* What this task involves *
Verbatim copy without images: repeat the records in full.

[Saved data entries]

----

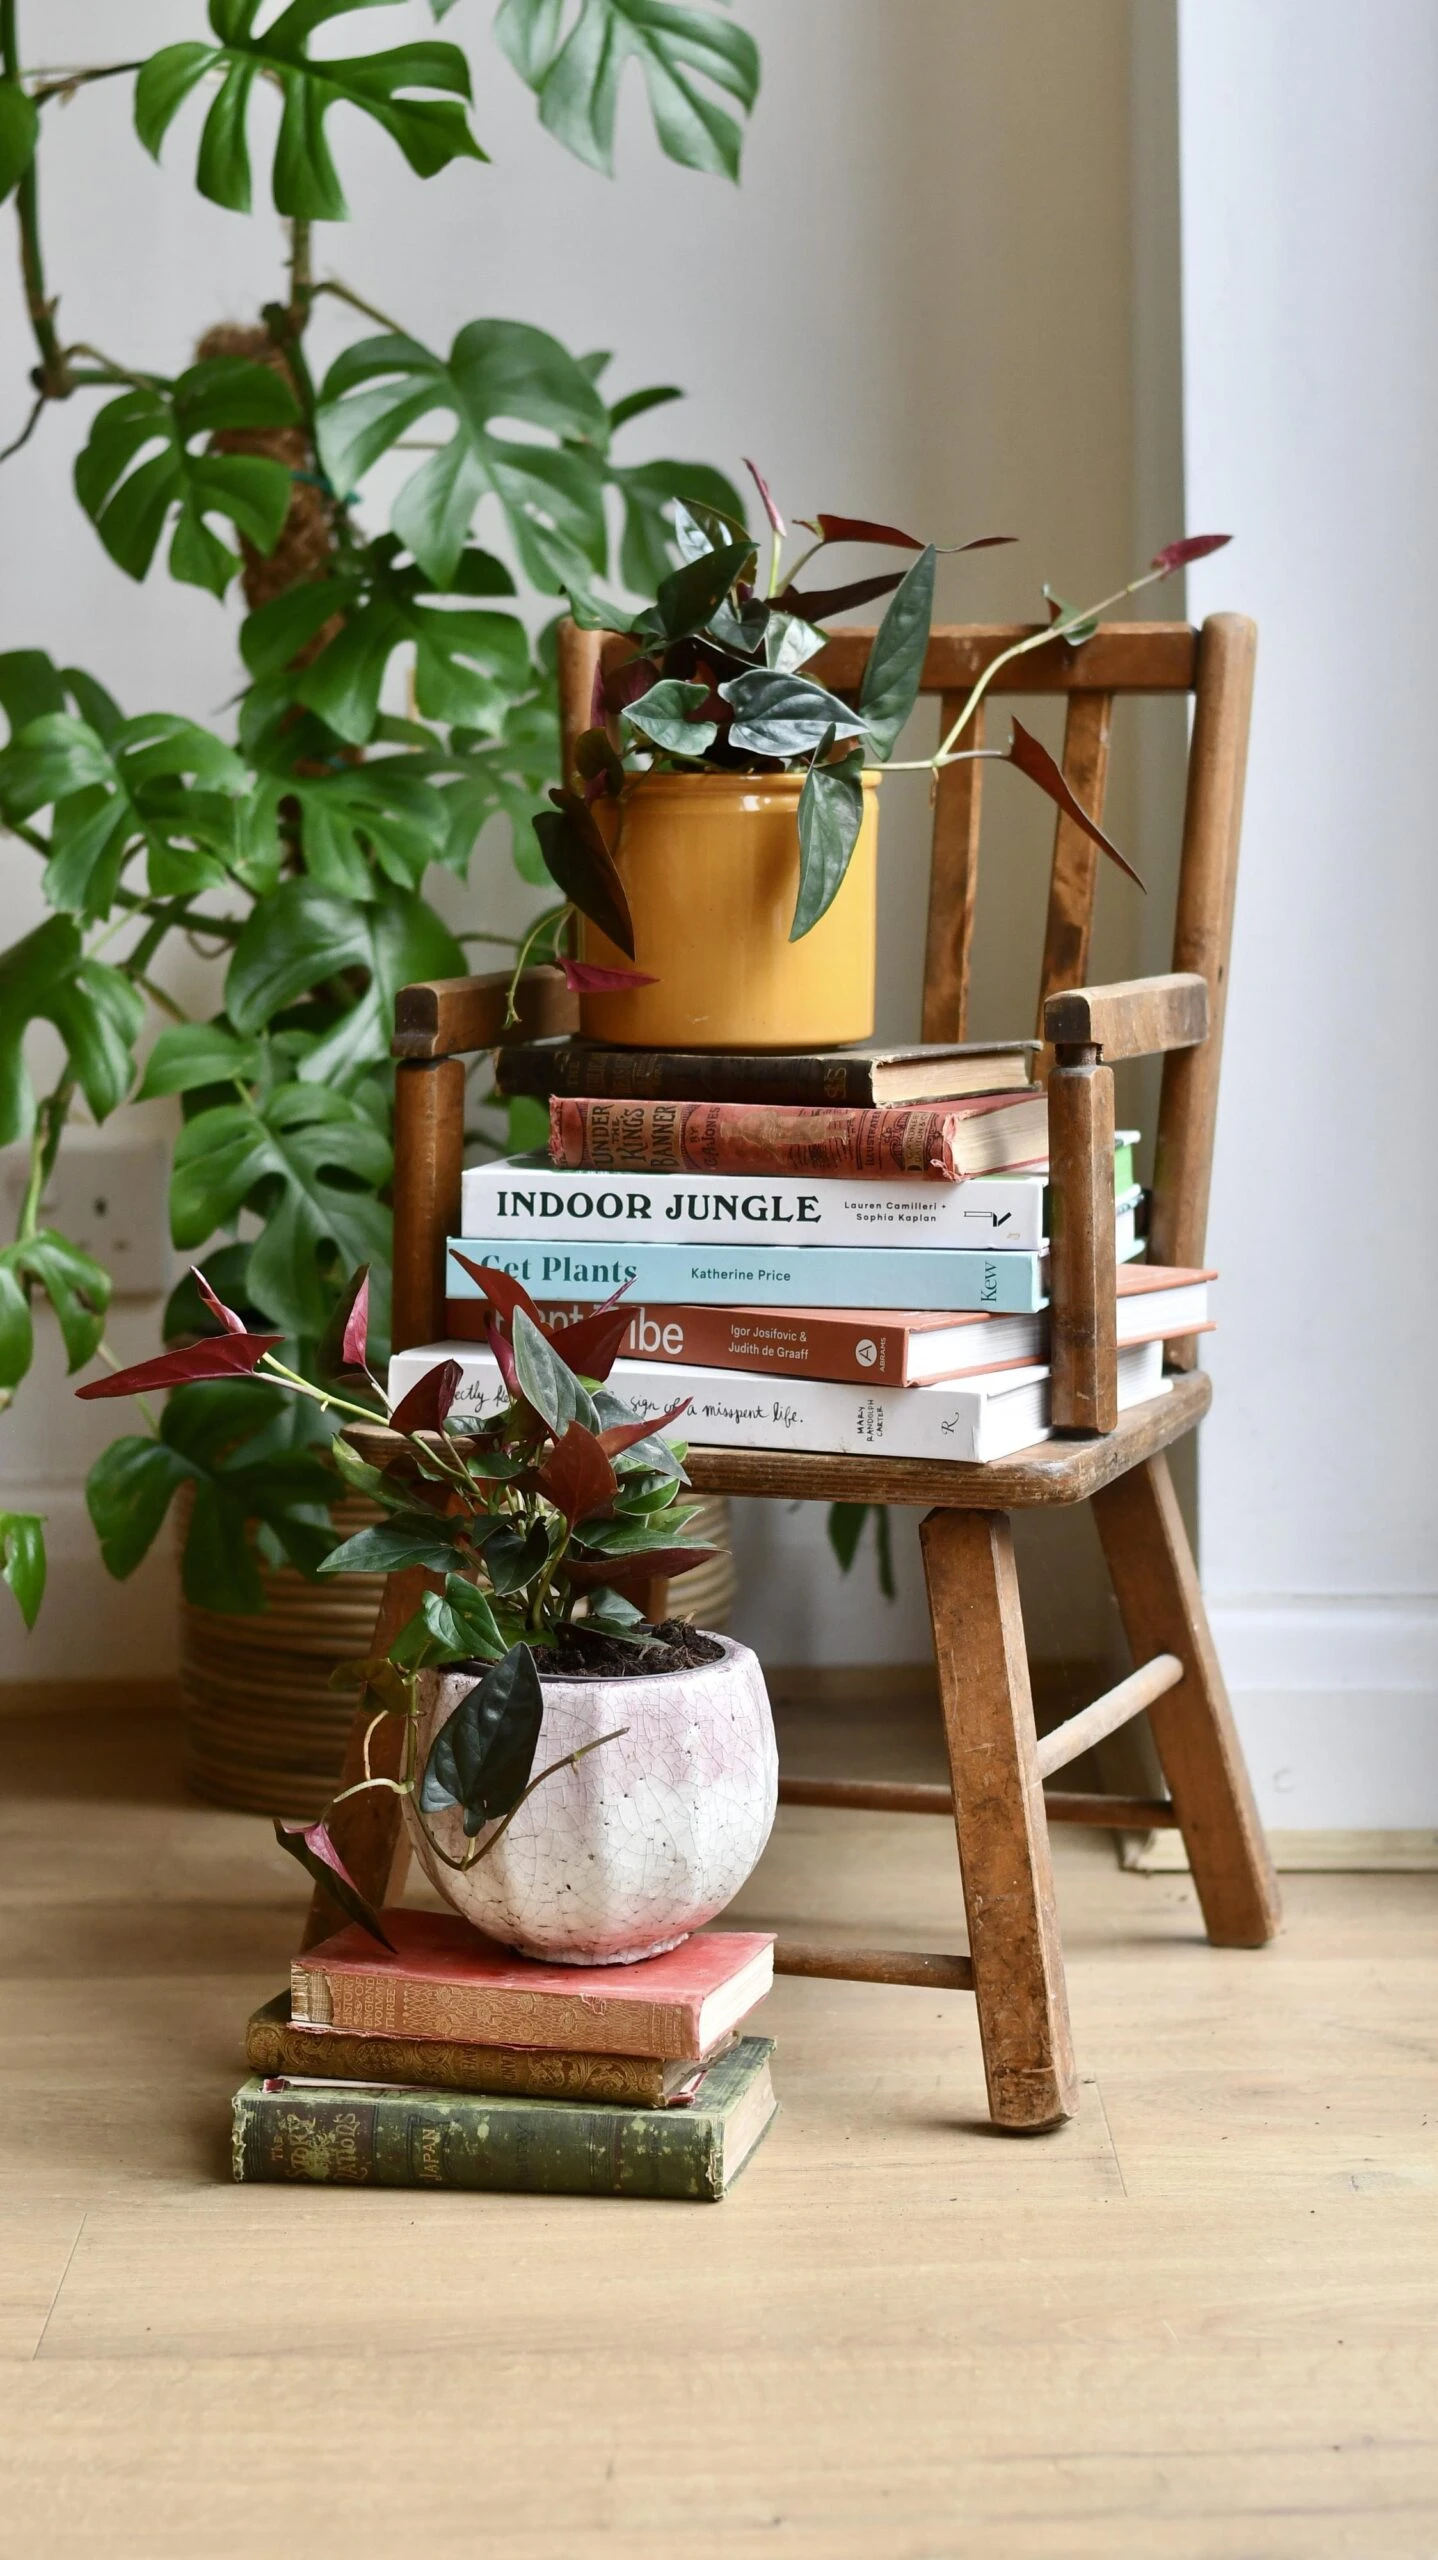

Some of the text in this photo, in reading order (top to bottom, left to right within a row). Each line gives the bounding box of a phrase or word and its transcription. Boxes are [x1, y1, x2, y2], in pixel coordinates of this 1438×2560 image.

[591, 1103, 615, 1166] UNDER
[612, 1116, 621, 1145] THE
[616, 1107, 649, 1162] KING'S
[651, 1103, 681, 1168] BANNER
[690, 1125, 699, 1144] BY
[865, 1111, 882, 1166] ILLUSTRATED
[497, 1191, 822, 1223] INDOOR JUNGLE
[844, 1201, 882, 1209] Lauren
[886, 1202, 937, 1211] Camilleri
[856, 1213, 937, 1223] Sophia Kaplan
[542, 1256, 638, 1283] Plants
[691, 1267, 791, 1281] Katherine Price
[980, 1261, 998, 1302] Kew
[731, 1324, 807, 1342] Igor Josifovic &
[728, 1342, 809, 1360] Judith de Graaff
[879, 1337, 887, 1373] ABRAMS
[630, 1396, 660, 1417] sign
[687, 1405, 697, 1415] a
[702, 1402, 769, 1425] misspent
[772, 1401, 804, 1428] life.
[857, 1406, 865, 1434] MARY
[343, 1976, 354, 2026] HISTORY
[354, 1976, 365, 1997] OF
[363, 1977, 375, 2030] ENGLAND
[385, 1989, 396, 2031] THREE
[284, 2113, 316, 2178] STORY
[419, 2128, 442, 2181] JAPAN

----

* Output for this exercise *
Some of the text in this photo, in reading order (top to bottom, left to right within a row). Each line gives the bounding box of a phrase or word and its transcription. Boxes are [x1, y1, x2, y2], in pixel coordinates of this 1438×2560 image.

[591, 1103, 615, 1166] UNDER
[612, 1116, 621, 1145] THE
[616, 1107, 649, 1162] KING'S
[651, 1103, 681, 1168] BANNER
[690, 1125, 699, 1144] BY
[865, 1111, 882, 1166] ILLUSTRATED
[497, 1191, 822, 1223] INDOOR JUNGLE
[844, 1201, 882, 1209] Lauren
[886, 1202, 937, 1211] Camilleri
[856, 1213, 937, 1223] Sophia Kaplan
[542, 1256, 638, 1283] Plants
[691, 1267, 791, 1281] Katherine Price
[980, 1261, 998, 1302] Kew
[731, 1324, 807, 1342] Igor Josifovic &
[728, 1342, 809, 1360] Judith de Graaff
[879, 1337, 887, 1373] ABRAMS
[630, 1396, 660, 1417] sign
[687, 1405, 697, 1415] a
[702, 1402, 769, 1425] misspent
[772, 1401, 804, 1428] life.
[857, 1406, 865, 1434] MARY
[343, 1976, 354, 2026] HISTORY
[354, 1976, 365, 1997] OF
[363, 1977, 375, 2030] ENGLAND
[385, 1989, 396, 2031] THREE
[284, 2113, 316, 2178] STORY
[419, 2128, 442, 2181] JAPAN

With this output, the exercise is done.